The problem - The data must be returned exactly. No line may be left out.

Data to use -
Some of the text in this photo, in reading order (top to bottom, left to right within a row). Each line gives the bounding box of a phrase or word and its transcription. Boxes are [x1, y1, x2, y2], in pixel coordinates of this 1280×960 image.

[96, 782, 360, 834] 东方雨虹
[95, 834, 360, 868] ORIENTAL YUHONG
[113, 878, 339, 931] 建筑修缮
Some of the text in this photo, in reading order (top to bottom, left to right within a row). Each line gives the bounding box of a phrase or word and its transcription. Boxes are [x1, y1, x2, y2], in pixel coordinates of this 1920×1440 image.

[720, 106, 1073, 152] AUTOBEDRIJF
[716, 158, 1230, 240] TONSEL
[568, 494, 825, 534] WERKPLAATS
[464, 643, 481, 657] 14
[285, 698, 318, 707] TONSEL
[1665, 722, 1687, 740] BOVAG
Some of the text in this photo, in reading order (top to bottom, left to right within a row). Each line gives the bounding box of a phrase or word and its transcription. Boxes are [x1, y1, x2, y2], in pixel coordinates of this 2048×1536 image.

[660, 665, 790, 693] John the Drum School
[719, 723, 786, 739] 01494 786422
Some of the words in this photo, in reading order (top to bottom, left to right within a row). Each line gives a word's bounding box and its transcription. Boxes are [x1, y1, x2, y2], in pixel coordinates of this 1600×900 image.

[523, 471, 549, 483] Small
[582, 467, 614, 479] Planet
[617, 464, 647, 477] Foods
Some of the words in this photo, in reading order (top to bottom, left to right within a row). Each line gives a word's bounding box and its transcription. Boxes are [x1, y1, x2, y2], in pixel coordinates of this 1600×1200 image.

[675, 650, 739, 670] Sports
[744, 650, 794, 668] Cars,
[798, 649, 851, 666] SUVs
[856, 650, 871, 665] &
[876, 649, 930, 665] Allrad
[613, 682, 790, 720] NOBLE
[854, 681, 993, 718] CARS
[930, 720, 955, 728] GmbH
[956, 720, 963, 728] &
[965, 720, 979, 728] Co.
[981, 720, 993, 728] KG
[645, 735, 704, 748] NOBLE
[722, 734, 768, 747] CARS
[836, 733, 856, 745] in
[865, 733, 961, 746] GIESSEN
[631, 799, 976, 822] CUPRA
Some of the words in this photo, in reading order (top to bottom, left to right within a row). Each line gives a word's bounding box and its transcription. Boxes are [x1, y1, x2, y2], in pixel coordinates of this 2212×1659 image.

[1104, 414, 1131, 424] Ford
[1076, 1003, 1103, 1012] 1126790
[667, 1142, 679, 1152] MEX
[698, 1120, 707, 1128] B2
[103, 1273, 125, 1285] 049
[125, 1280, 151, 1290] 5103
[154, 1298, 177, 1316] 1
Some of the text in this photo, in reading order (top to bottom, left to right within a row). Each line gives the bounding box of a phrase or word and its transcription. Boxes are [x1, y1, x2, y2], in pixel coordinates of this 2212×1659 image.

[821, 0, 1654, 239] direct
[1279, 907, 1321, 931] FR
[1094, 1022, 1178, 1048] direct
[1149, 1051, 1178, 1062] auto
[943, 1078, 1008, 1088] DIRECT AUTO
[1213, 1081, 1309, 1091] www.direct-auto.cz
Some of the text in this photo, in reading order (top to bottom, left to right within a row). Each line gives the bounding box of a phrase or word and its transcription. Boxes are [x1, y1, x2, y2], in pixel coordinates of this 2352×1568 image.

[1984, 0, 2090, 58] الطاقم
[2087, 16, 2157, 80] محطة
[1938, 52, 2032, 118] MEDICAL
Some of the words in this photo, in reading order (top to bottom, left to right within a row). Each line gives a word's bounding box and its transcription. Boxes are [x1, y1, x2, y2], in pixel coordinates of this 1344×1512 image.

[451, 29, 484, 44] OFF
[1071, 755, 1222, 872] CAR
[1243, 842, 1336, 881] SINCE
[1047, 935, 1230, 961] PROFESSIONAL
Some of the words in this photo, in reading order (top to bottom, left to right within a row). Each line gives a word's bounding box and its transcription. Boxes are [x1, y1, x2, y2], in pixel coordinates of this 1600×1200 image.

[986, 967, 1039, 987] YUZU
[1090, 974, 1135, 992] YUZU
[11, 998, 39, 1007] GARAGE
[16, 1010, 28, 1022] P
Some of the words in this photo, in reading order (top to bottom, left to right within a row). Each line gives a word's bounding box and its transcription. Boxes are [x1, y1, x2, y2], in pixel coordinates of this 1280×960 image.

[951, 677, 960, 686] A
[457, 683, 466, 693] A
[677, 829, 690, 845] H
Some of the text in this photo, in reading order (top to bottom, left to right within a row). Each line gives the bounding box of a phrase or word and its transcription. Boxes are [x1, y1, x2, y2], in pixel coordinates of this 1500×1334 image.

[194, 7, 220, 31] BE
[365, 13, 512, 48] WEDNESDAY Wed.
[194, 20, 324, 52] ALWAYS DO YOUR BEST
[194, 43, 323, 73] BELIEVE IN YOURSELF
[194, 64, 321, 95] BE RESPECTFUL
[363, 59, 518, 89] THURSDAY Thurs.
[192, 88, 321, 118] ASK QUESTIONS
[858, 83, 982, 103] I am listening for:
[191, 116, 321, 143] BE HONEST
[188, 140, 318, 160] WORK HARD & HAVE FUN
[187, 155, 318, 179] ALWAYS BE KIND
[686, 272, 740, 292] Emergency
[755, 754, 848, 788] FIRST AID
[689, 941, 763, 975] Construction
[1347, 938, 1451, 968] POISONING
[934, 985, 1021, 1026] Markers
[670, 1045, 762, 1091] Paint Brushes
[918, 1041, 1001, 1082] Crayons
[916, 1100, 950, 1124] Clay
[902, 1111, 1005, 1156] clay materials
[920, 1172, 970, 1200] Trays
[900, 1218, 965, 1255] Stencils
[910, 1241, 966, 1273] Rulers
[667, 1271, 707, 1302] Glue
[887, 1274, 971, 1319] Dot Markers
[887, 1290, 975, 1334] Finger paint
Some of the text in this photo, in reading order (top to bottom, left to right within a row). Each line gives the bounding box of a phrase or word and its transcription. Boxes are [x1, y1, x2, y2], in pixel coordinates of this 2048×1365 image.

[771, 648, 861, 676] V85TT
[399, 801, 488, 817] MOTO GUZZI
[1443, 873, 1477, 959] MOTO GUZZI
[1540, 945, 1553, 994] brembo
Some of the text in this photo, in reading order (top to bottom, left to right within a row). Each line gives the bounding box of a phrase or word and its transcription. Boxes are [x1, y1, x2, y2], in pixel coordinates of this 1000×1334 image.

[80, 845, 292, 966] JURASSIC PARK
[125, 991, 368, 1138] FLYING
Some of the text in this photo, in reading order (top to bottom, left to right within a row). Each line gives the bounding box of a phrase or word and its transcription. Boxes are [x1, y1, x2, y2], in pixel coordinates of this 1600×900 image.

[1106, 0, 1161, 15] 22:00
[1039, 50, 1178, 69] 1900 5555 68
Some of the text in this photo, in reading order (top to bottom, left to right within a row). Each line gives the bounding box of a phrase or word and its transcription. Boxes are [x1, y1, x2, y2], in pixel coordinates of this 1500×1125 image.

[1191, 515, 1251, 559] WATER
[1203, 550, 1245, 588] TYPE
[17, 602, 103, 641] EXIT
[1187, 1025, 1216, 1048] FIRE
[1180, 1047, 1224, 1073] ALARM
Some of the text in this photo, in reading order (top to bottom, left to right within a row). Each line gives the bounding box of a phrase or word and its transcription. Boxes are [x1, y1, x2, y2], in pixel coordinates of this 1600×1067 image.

Answer section -
Some of the text in this photo, in reading order (top to bottom, left to right within a row). Each line gives the bounding box of a phrase or word and its transcription. Boxes are [x1, y1, x2, y2], in pixel coordinates of this 1280×960 image.

[96, 782, 360, 834] 东方雨虹
[95, 834, 360, 868] ORIENTAL YUHONG
[113, 878, 339, 931] 建筑修缮
Some of the text in this photo, in reading order (top to bottom, left to right within a row). Each line gives the bounding box of a phrase or word and its transcription. Boxes are [x1, y1, x2, y2], in pixel coordinates of this 1920×1440 image.

[720, 106, 1073, 152] AUTOBEDRIJF
[716, 158, 1230, 240] TONSEL
[568, 494, 825, 534] WERKPLAATS
[464, 643, 481, 657] 14
[285, 698, 318, 707] TONSEL
[1665, 722, 1687, 740] BOVAG
Some of the text in this photo, in reading order (top to bottom, left to right within a row). Each line gives the bounding box of a phrase or word and its transcription. Boxes are [x1, y1, x2, y2], in pixel coordinates of this 2048×1536 image.

[660, 665, 790, 693] John the Drum School
[719, 723, 786, 739] 01494 786422
Some of the words in this photo, in reading order (top to bottom, left to right within a row). Each line gives a word's bounding box and its transcription. Boxes are [x1, y1, x2, y2], in pixel coordinates of this 1600×900 image.

[523, 471, 549, 483] Small
[582, 467, 614, 479] Planet
[617, 464, 647, 477] Foods
Some of the words in this photo, in reading order (top to bottom, left to right within a row). Each line gives a word's bounding box and its transcription. Boxes are [x1, y1, x2, y2], in pixel coordinates of this 1600×1200 image.

[675, 650, 739, 670] Sports
[744, 650, 794, 668] Cars,
[798, 649, 851, 666] SUVs
[856, 650, 871, 665] &
[876, 649, 930, 665] Allrad
[613, 682, 790, 720] NOBLE
[854, 681, 993, 718] CARS
[930, 720, 955, 728] GmbH
[956, 720, 963, 728] &
[965, 720, 979, 728] Co.
[981, 720, 993, 728] KG
[645, 735, 704, 748] NOBLE
[722, 734, 768, 747] CARS
[836, 733, 856, 745] in
[865, 733, 961, 746] GIESSEN
[631, 799, 976, 822] CUPRA
Some of the words in this photo, in reading order (top to bottom, left to right within a row). Each line gives a word's bounding box and its transcription. Boxes are [x1, y1, x2, y2], in pixel coordinates of this 2212×1659 image.

[1104, 414, 1131, 424] Ford
[1076, 1003, 1103, 1012] 1126790
[667, 1142, 679, 1152] MEX
[698, 1120, 707, 1128] B2
[103, 1273, 125, 1285] 049
[125, 1280, 151, 1290] 5103
[154, 1298, 177, 1316] 1
Some of the text in this photo, in reading order (top to bottom, left to right within a row). Each line gives the bounding box of a phrase or word and its transcription. Boxes are [x1, y1, x2, y2], in pixel coordinates of this 2212×1659 image.

[821, 0, 1654, 239] direct
[1279, 907, 1321, 931] FR
[1094, 1022, 1178, 1048] direct
[1149, 1051, 1178, 1062] auto
[943, 1078, 1008, 1088] DIRECT AUTO
[1213, 1081, 1309, 1091] www.direct-auto.cz
Some of the text in this photo, in reading order (top to bottom, left to right within a row). Each line gives the bounding box of a phrase or word and its transcription. Boxes are [x1, y1, x2, y2], in pixel coordinates of this 2352×1568 image.

[1984, 0, 2090, 58] الطاقم
[2087, 16, 2157, 80] محطة
[1938, 52, 2032, 118] MEDICAL
Some of the words in this photo, in reading order (top to bottom, left to right within a row). Each line gives a word's bounding box and its transcription. Boxes are [x1, y1, x2, y2], in pixel coordinates of this 1344×1512 image.

[451, 29, 484, 44] OFF
[1071, 755, 1222, 872] CAR
[1243, 842, 1336, 881] SINCE
[1047, 935, 1230, 961] PROFESSIONAL
Some of the words in this photo, in reading order (top to bottom, left to right within a row). Each line gives a word's bounding box and its transcription. Boxes are [x1, y1, x2, y2], in pixel coordinates of this 1600×1200 image.

[986, 967, 1039, 987] YUZU
[1090, 974, 1135, 992] YUZU
[11, 998, 39, 1007] GARAGE
[16, 1010, 28, 1022] P
Some of the words in this photo, in reading order (top to bottom, left to right within a row). Each line gives a word's bounding box and its transcription. Boxes are [x1, y1, x2, y2], in pixel coordinates of this 1280×960 image.

[951, 677, 960, 686] A
[457, 683, 466, 693] A
[677, 829, 690, 845] H
Some of the text in this photo, in reading order (top to bottom, left to right within a row). Each line gives the bounding box of a phrase or word and its transcription. Boxes are [x1, y1, x2, y2], in pixel coordinates of this 1500×1334 image.

[194, 7, 220, 31] BE
[365, 13, 512, 48] WEDNESDAY Wed.
[194, 20, 324, 52] ALWAYS DO YOUR BEST
[194, 43, 323, 73] BELIEVE IN YOURSELF
[194, 64, 321, 95] BE RESPECTFUL
[363, 59, 518, 89] THURSDAY Thurs.
[192, 88, 321, 118] ASK QUESTIONS
[858, 83, 982, 103] I am listening for:
[191, 116, 321, 143] BE HONEST
[188, 140, 318, 160] WORK HARD & HAVE FUN
[187, 155, 318, 179] ALWAYS BE KIND
[686, 272, 740, 292] Emergency
[755, 754, 848, 788] FIRST AID
[689, 941, 763, 975] Construction
[1347, 938, 1451, 968] POISONING
[934, 985, 1021, 1026] Markers
[670, 1045, 762, 1091] Paint Brushes
[918, 1041, 1001, 1082] Crayons
[916, 1100, 950, 1124] Clay
[902, 1111, 1005, 1156] clay materials
[920, 1172, 970, 1200] Trays
[900, 1218, 965, 1255] Stencils
[910, 1241, 966, 1273] Rulers
[667, 1271, 707, 1302] Glue
[887, 1274, 971, 1319] Dot Markers
[887, 1290, 975, 1334] Finger paint
Some of the text in this photo, in reading order (top to bottom, left to right within a row). Each line gives the bounding box of a phrase or word and its transcription. Boxes are [x1, y1, x2, y2], in pixel coordinates of this 2048×1365 image.

[771, 648, 861, 676] V85TT
[399, 801, 488, 817] MOTO GUZZI
[1443, 873, 1477, 959] MOTO GUZZI
[1540, 945, 1553, 994] brembo
Some of the text in this photo, in reading order (top to bottom, left to right within a row). Each line gives the bounding box of a phrase or word and its transcription. Boxes are [x1, y1, x2, y2], in pixel coordinates of this 1000×1334 image.

[80, 845, 292, 966] JURASSIC PARK
[125, 991, 368, 1138] FLYING
Some of the text in this photo, in reading order (top to bottom, left to right within a row). Each line gives the bounding box of a phrase or word and its transcription. Boxes are [x1, y1, x2, y2], in pixel coordinates of this 1600×900 image.

[1106, 0, 1161, 15] 22:00
[1039, 50, 1178, 69] 1900 5555 68
Some of the text in this photo, in reading order (top to bottom, left to right within a row). Each line gives the bounding box of a phrase or word and its transcription. Boxes are [x1, y1, x2, y2], in pixel coordinates of this 1500×1125 image.

[1191, 515, 1251, 559] WATER
[1203, 550, 1245, 588] TYPE
[17, 602, 103, 641] EXIT
[1187, 1025, 1216, 1048] FIRE
[1180, 1047, 1224, 1073] ALARM
Some of the text in this photo, in reading order (top to bottom, left to right within a row). Each line gives the bounding box of a phrase or word and its transcription. Boxes are [x1, y1, x2, y2], in pixel coordinates of this 1600×1067 image.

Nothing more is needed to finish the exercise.